TO: March 18, 1927
By the late Virginia Calhoun
F.W. Miller's grocery store advertised Quick Naptha Soap Chips, pkg. 20 cents; None Such Mincemeat, pkg. 13 cents; large Crisco, 68 cents; Shredded Wheat, pkg. 10 cents.
Paul A. Halter, Furnisher and Clothier, offered topcoats, snappy brown and gray, $25.
The Sherman Checker Club was obliged to motor almost 50 miles Friday night to reach Panama to play its return contest with the team of that place. The result was 46 to 53 in favor of the Panamans, which meant another meeting to play off the tie, Sherman having won the first tournament, 56-44.
Jamestown checker players played a return match with Westfield and again defeated the North County Club 72-15. There were 13 draws.
An interesting joint meeting of the Farm and Home Bureaus was held at Sherman Grange Hall Wednesday. The topics discussed were all of a practical nature and brought out many points of interest in the subjects under consideration - "Dairy Disease Problems," "Improving the Dairy Herd at a Small Cost," and "Homemaking and the Home Maker."
J.J. Henry of New London, Missouri, brought and was in possession of the former Enos farm in Sherman. He was a native New Yorker and returned east because he felt farming conditions here were more too his liking than the Missouri territory embraced.
M. Parish, who was selling a carload of horses at auction at the Howe Stables, Sherman, on Wednesday, was a well known horse dealer from Painesville, Ohio.
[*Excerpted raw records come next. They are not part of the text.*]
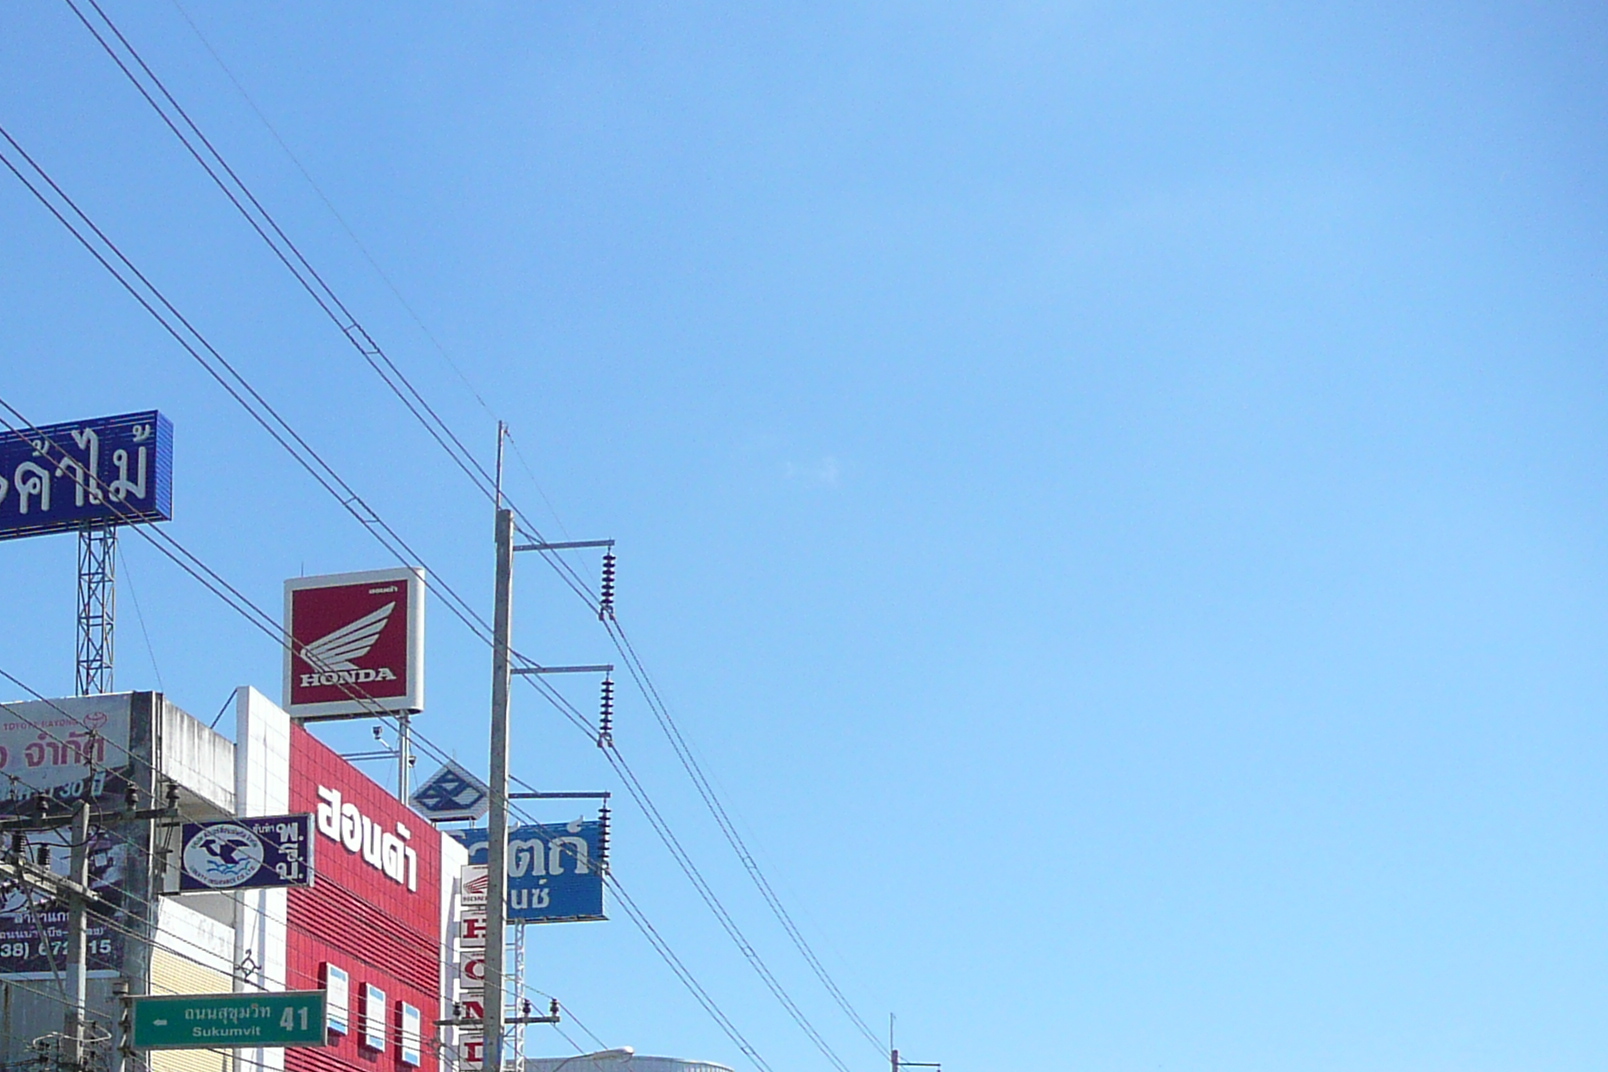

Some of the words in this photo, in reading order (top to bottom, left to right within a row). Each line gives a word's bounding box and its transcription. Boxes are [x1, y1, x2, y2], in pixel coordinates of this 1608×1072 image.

[300, 668, 397, 687] HONDA
[25, 731, 105, 768] จำกัด
[59, 780, 83, 798] 30
[317, 784, 417, 893] ฮอนด้า
[185, 1003, 271, 1025] ถนนสุขุมวิท
[279, 1006, 308, 1031] 41
[192, 1026, 261, 1037] Sukumvit
He purchased a farm west of Findley Lake and planned to operate it as a stock farm.
L.M. Harris and son had the job of cutting down the large maple tree, one of a pair, at the Miller lot on Church St. in Sherman. It was planted 85 years before by Elijah Miller, one of Sherman's pioneer merchants.
It was only a short unpaved block from Sherman's paved Main Street to paved Railroad Street, but East being unpaved, dozens of motorists tried it to their sorrow, wallowed awhile, mired deeper and deeper and then sent for the Buss wrecker. The wrecker itself was stuck once. The unpaved gap of less than half a mile on the road to Mayville, caused motorists to go via North and Westfield, nearly 40 miles, to reach Mayville, nine miles away.
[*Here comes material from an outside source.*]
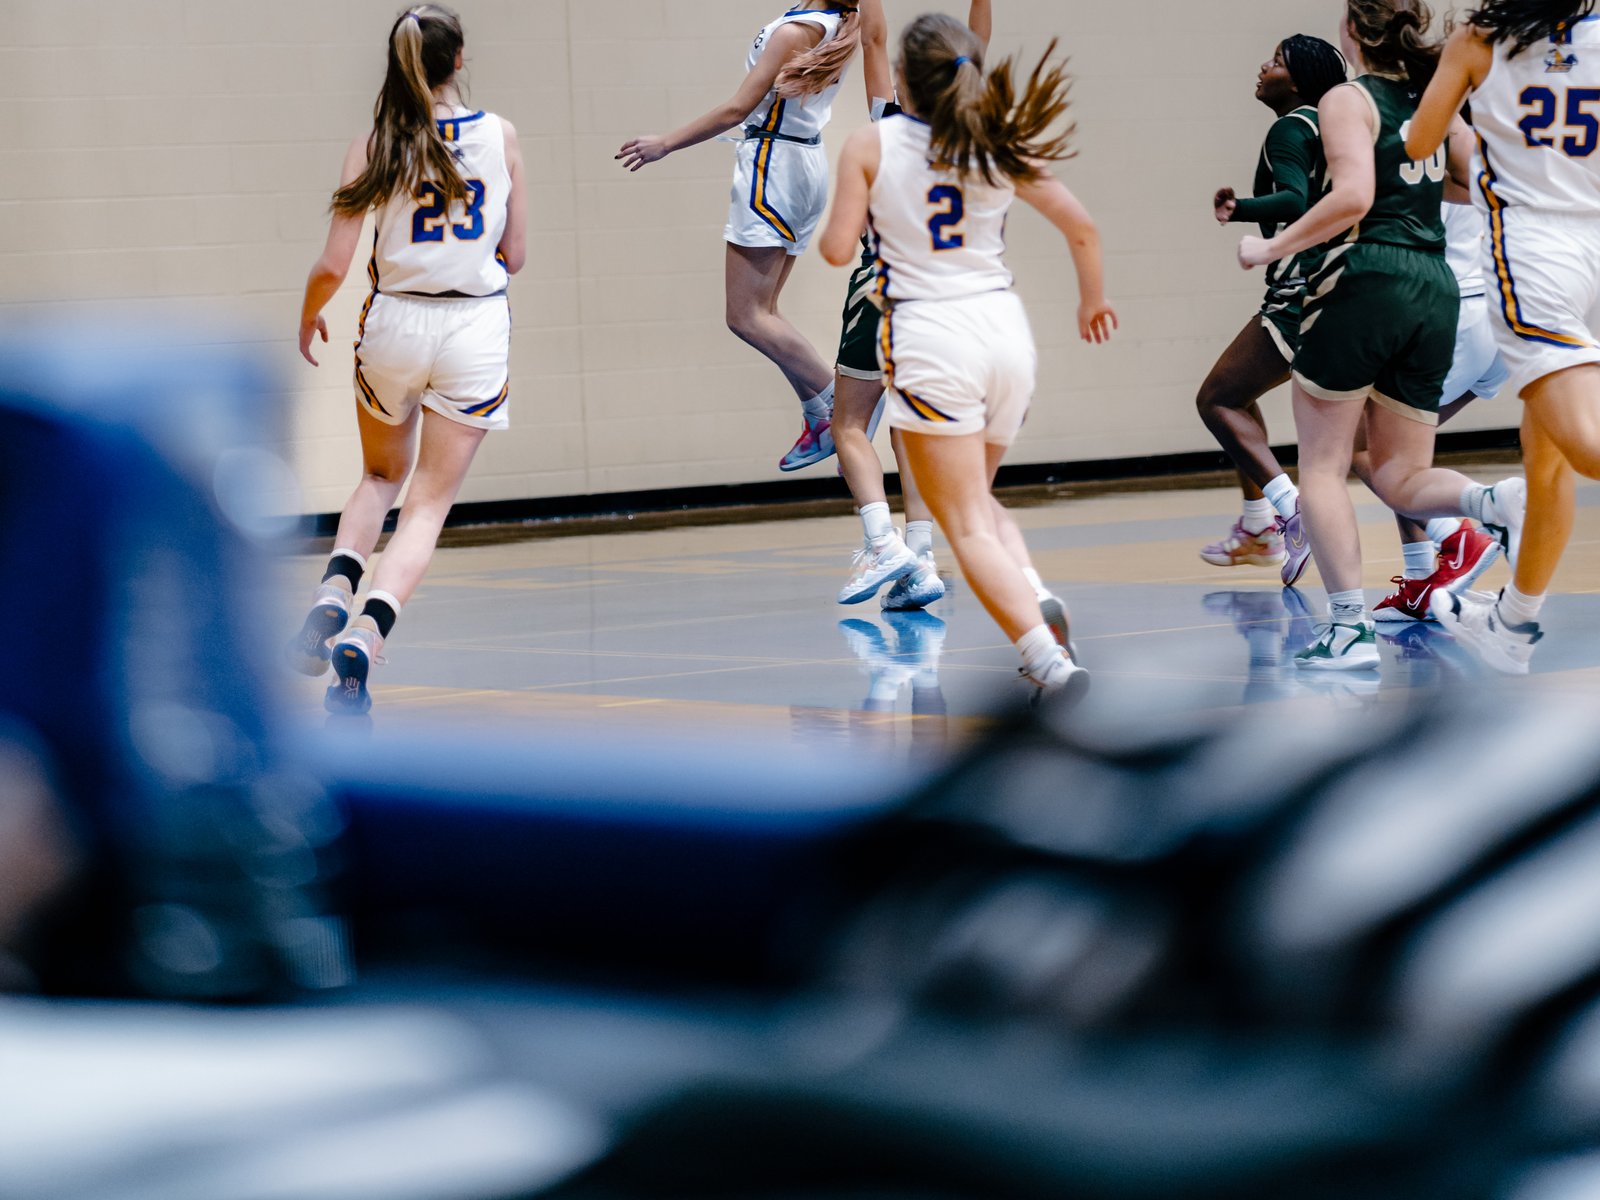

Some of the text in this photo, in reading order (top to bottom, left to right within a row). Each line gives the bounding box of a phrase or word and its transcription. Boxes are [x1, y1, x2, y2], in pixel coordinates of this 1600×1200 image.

[1517, 84, 1600, 158] 25
[409, 178, 487, 246] 23
[926, 181, 967, 253] 2
C.J. Karges & Son dressed a 20 month-old pig of their own raising that weighed 526 pounds.
On March 28 the Parent Teachers Association of Findley Lake would offer an entertainment at the Opera House for the benefit of Sherman Fire Department.
Harry Sears, who was a student at Bryant & Stratton Business College, was home over the weekend. On Sunday, Mr. and Mrs. Martin Croscutt and Mrs. A.R. Sears motored to Buffalo to take Harry back.
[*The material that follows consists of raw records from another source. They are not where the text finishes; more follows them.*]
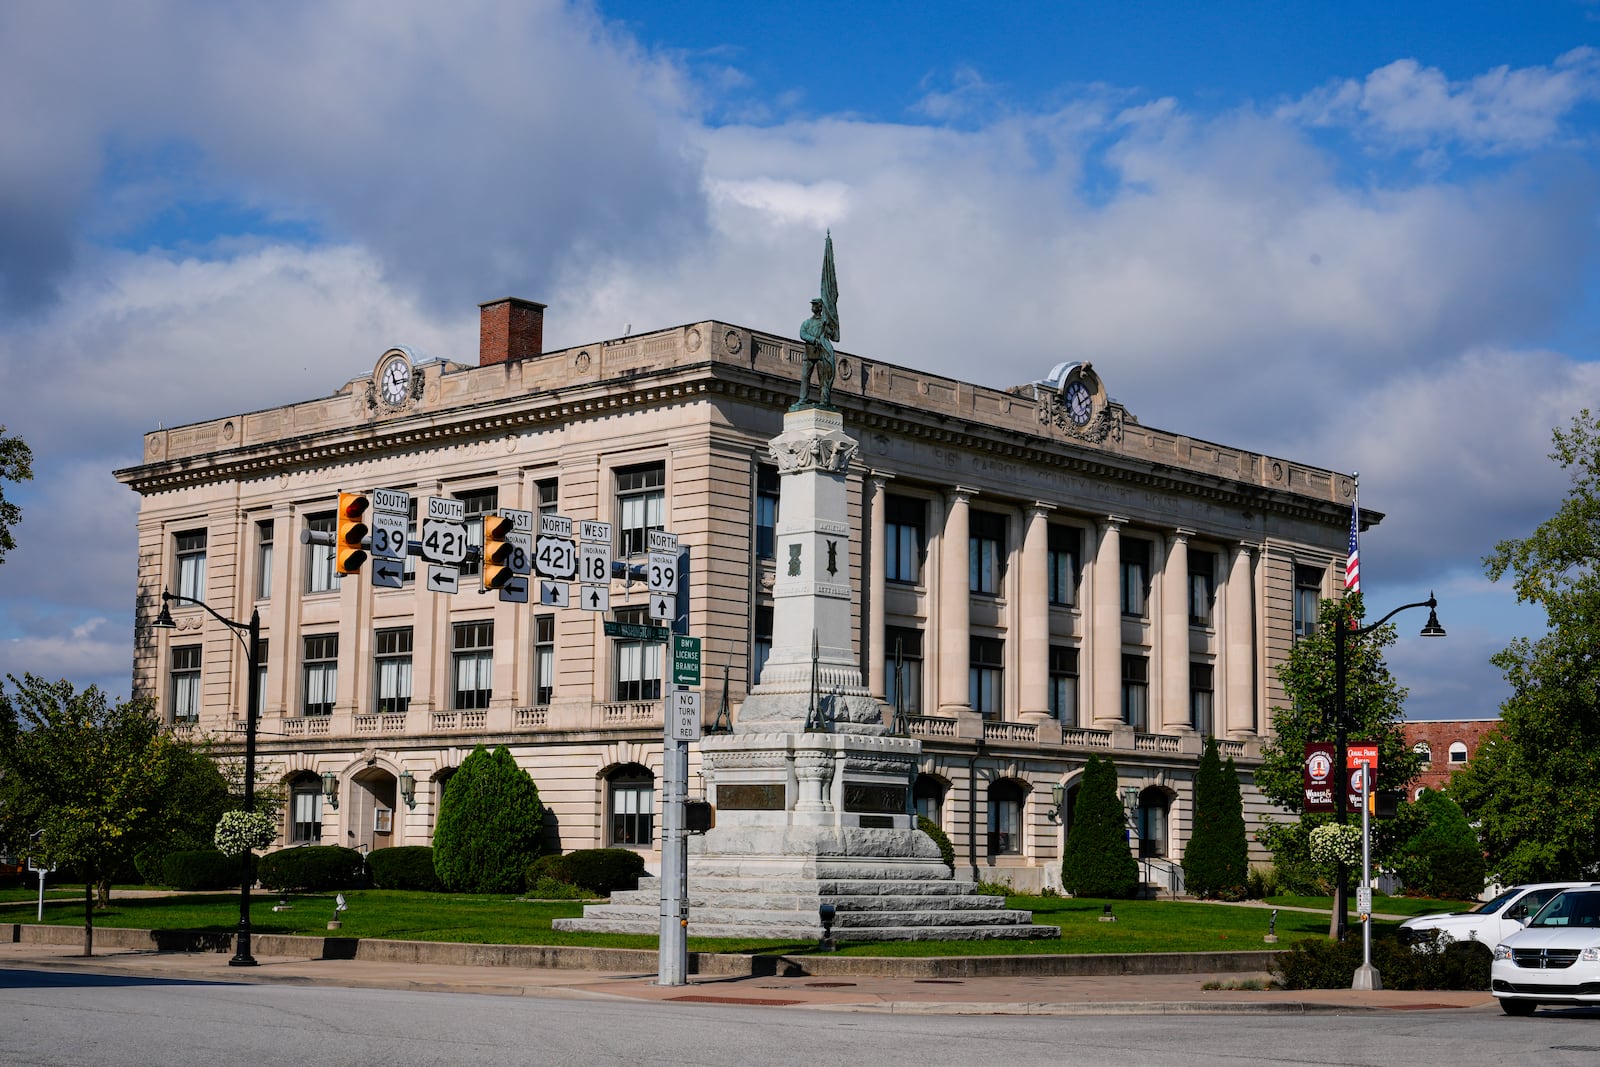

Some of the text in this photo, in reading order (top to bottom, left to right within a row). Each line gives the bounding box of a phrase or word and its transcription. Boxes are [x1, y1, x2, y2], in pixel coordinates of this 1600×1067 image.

[375, 491, 407, 509] SOUTH
[430, 500, 462, 517] SOUTH
[377, 517, 403, 527] INDIANA
[542, 517, 571, 534] NORTH
[584, 523, 609, 539] WEST
[375, 528, 404, 553] 39
[425, 530, 463, 557] 421
[505, 535, 527, 545] NDIANA
[650, 533, 677, 549] NORTH
[583, 547, 607, 555] INDIANA
[539, 545, 571, 570] 421
[653, 556, 673, 565] INDIANA
[585, 556, 605, 579] 18
[651, 565, 674, 588] 39
[681, 639, 694, 648] BMV
[675, 650, 699, 660] LICENSE
[675, 662, 699, 672] BRANCH
[680, 695, 694, 705] NO
[679, 707, 696, 716] TURN
[681, 718, 692, 726] ON
[680, 728, 693, 737] RED
Miss Clara Sheldon of Buffalo, a former teacher in Sherman High School, was a guest of friends here over the weekend.
William Prindle moved back to his farm in Clymer. His place as one of the salesmen at the Sherman Steam Mills was taken by Frank A. Edmunds.
The Literary Guild of Sherman High School went on a hike Thursday afternoon to the Bensink sugar bush. They took their supper along.
The Chautauqua County Forestry Council held a dinner at the White Inn in Fredonia at which plans were perfected making it practically certain that a county forester would be engaged the first in the United States. It would require $26,000 to hire a county forester for the period of time between April and the end of the year. Federal and State aid to be available, with the rest to be raised by the county.
W.L. TenHagen purchased the lot on the burned district in Findley Lake of R.R. Coe, for a consideration of $5. The lot adjoined Mr. TenHagen's property on the east and he expected to build on it soon.
A meeting was called in Findley Lake to organize a hose company. A committee was appointed to study the problem of a water and comical truck.
John K. Sheehan of Sherman, was making his rooms in Findley Lake in the Malock block ready for a restaurant and ice cream parlor.